_ACTION ITEM_.
With the pictures left out, output the records below exactly.

(Free-text object descriptions)
===
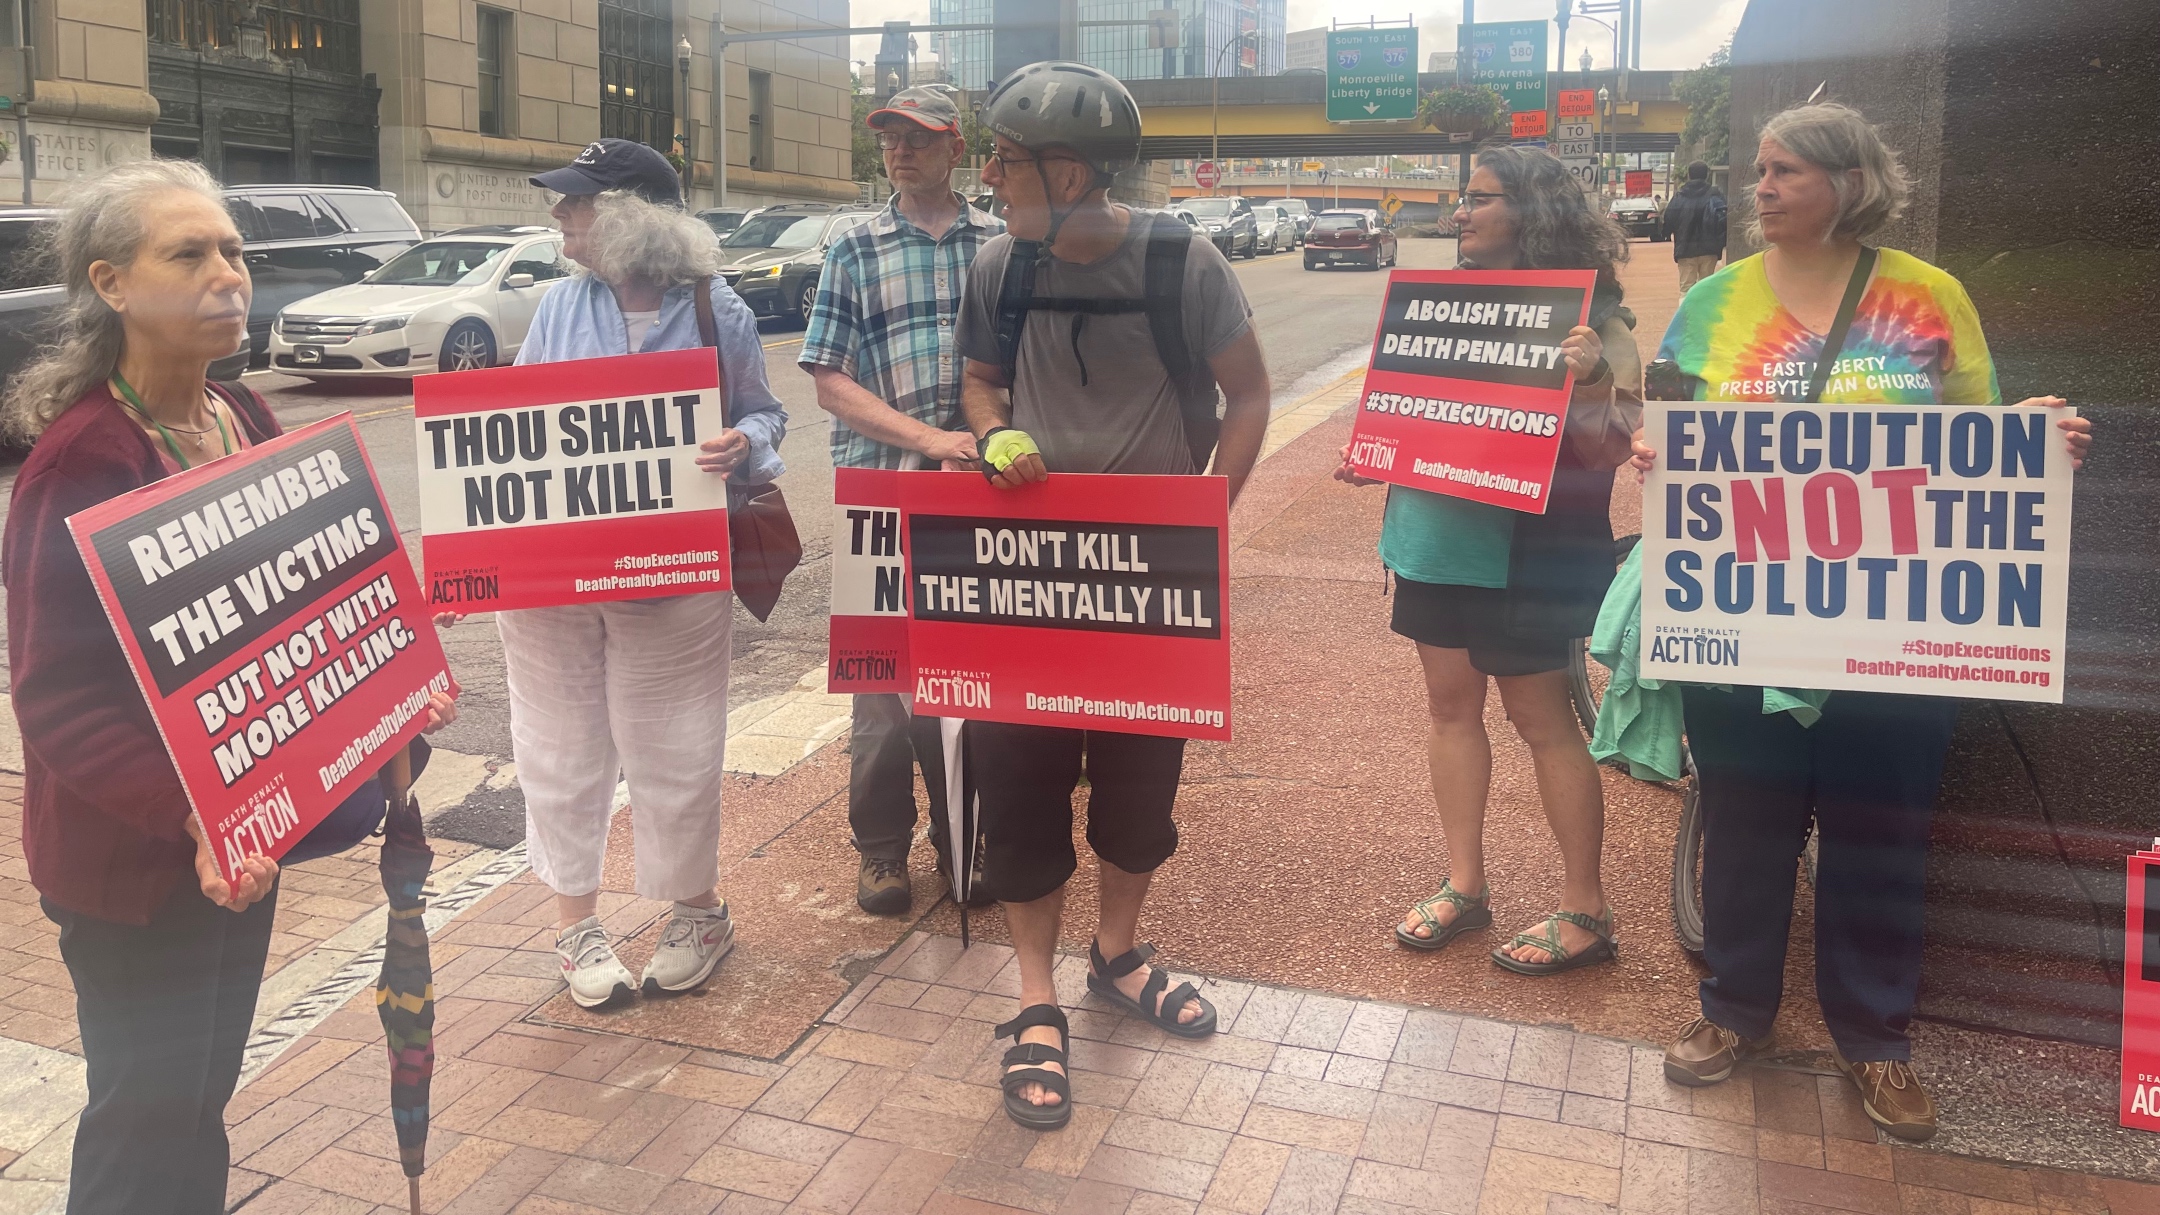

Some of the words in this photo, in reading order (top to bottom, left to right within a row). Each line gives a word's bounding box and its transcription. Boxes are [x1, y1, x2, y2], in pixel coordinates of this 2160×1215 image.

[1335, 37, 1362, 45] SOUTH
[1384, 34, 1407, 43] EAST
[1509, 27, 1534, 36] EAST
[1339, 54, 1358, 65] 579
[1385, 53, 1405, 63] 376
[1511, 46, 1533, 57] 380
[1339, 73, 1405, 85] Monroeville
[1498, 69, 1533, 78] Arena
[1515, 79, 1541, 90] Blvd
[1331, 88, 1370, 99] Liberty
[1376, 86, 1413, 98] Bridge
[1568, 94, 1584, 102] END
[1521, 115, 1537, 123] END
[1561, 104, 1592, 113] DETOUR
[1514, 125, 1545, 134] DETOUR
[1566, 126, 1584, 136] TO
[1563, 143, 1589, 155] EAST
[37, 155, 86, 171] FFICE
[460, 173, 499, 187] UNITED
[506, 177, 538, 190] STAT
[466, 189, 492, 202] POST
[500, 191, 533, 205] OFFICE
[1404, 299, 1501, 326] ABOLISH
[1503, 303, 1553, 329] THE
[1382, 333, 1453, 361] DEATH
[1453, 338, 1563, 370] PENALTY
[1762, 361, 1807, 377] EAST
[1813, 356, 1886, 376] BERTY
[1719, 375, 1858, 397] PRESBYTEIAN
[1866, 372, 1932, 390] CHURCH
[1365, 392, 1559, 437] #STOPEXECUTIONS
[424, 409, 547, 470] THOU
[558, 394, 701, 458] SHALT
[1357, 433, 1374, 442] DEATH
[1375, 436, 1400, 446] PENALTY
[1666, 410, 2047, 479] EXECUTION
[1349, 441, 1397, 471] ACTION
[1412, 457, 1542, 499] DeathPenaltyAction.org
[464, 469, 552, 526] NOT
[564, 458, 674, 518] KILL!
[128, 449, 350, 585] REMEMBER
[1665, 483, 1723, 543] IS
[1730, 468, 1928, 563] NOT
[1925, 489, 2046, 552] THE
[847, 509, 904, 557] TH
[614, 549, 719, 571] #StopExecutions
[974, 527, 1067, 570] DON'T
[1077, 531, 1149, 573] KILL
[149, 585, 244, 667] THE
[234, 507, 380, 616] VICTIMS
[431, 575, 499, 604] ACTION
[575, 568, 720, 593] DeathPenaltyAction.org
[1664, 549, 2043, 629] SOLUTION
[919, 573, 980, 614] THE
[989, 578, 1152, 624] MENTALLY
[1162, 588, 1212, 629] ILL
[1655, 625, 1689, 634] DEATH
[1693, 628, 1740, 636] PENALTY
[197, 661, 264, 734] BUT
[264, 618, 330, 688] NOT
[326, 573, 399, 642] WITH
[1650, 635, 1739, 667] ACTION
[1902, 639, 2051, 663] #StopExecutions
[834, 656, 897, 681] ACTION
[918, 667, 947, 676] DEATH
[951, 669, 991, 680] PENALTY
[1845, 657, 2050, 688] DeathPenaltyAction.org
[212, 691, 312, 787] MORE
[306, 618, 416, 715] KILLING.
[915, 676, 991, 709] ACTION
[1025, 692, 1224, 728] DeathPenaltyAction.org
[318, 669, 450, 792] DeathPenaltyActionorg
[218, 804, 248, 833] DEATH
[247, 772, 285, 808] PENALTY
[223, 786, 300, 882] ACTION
===
_RESPONSE TO THE TASK_.
Some of the words in this photo, in reading order (top to bottom, left to right within a row). Each line gives a word's bounding box and its transcription. Boxes are [x1, y1, x2, y2], in pixel coordinates of this 2160×1215 image.

[1335, 37, 1362, 45] SOUTH
[1384, 34, 1407, 43] EAST
[1509, 27, 1534, 36] EAST
[1339, 54, 1358, 65] 579
[1385, 53, 1405, 63] 376
[1511, 46, 1533, 57] 380
[1339, 73, 1405, 85] Monroeville
[1498, 69, 1533, 78] Arena
[1515, 79, 1541, 90] Blvd
[1331, 88, 1370, 99] Liberty
[1376, 86, 1413, 98] Bridge
[1568, 94, 1584, 102] END
[1521, 115, 1537, 123] END
[1561, 104, 1592, 113] DETOUR
[1514, 125, 1545, 134] DETOUR
[1566, 126, 1584, 136] TO
[1563, 143, 1589, 155] EAST
[37, 155, 86, 171] FFICE
[460, 173, 499, 187] UNITED
[506, 177, 538, 190] STAT
[466, 189, 492, 202] POST
[500, 191, 533, 205] OFFICE
[1404, 299, 1501, 326] ABOLISH
[1503, 303, 1553, 329] THE
[1382, 333, 1453, 361] DEATH
[1453, 338, 1563, 370] PENALTY
[1762, 361, 1807, 377] EAST
[1813, 356, 1886, 376] BERTY
[1719, 375, 1858, 397] PRESBYTEIAN
[1866, 372, 1932, 390] CHURCH
[1365, 392, 1559, 437] #STOPEXECUTIONS
[424, 409, 547, 470] THOU
[558, 394, 701, 458] SHALT
[1357, 433, 1374, 442] DEATH
[1375, 436, 1400, 446] PENALTY
[1666, 410, 2047, 479] EXECUTION
[1349, 441, 1397, 471] ACTION
[1412, 457, 1542, 499] DeathPenaltyAction.org
[464, 469, 552, 526] NOT
[564, 458, 674, 518] KILL!
[128, 449, 350, 585] REMEMBER
[1665, 483, 1723, 543] IS
[1730, 468, 1928, 563] NOT
[1925, 489, 2046, 552] THE
[847, 509, 904, 557] TH
[614, 549, 719, 571] #StopExecutions
[974, 527, 1067, 570] DON'T
[1077, 531, 1149, 573] KILL
[149, 585, 244, 667] THE
[234, 507, 380, 616] VICTIMS
[431, 575, 499, 604] ACTION
[575, 568, 720, 593] DeathPenaltyAction.org
[1664, 549, 2043, 629] SOLUTION
[919, 573, 980, 614] THE
[989, 578, 1152, 624] MENTALLY
[1162, 588, 1212, 629] ILL
[1655, 625, 1689, 634] DEATH
[1693, 628, 1740, 636] PENALTY
[197, 661, 264, 734] BUT
[264, 618, 330, 688] NOT
[326, 573, 399, 642] WITH
[1650, 635, 1739, 667] ACTION
[1902, 639, 2051, 663] #StopExecutions
[834, 656, 897, 681] ACTION
[918, 667, 947, 676] DEATH
[951, 669, 991, 680] PENALTY
[1845, 657, 2050, 688] DeathPenaltyAction.org
[212, 691, 312, 787] MORE
[306, 618, 416, 715] KILLING.
[915, 676, 991, 709] ACTION
[1025, 692, 1224, 728] DeathPenaltyAction.org
[318, 669, 450, 792] DeathPenaltyActionorg
[218, 804, 248, 833] DEATH
[247, 772, 285, 808] PENALTY
[223, 786, 300, 882] ACTION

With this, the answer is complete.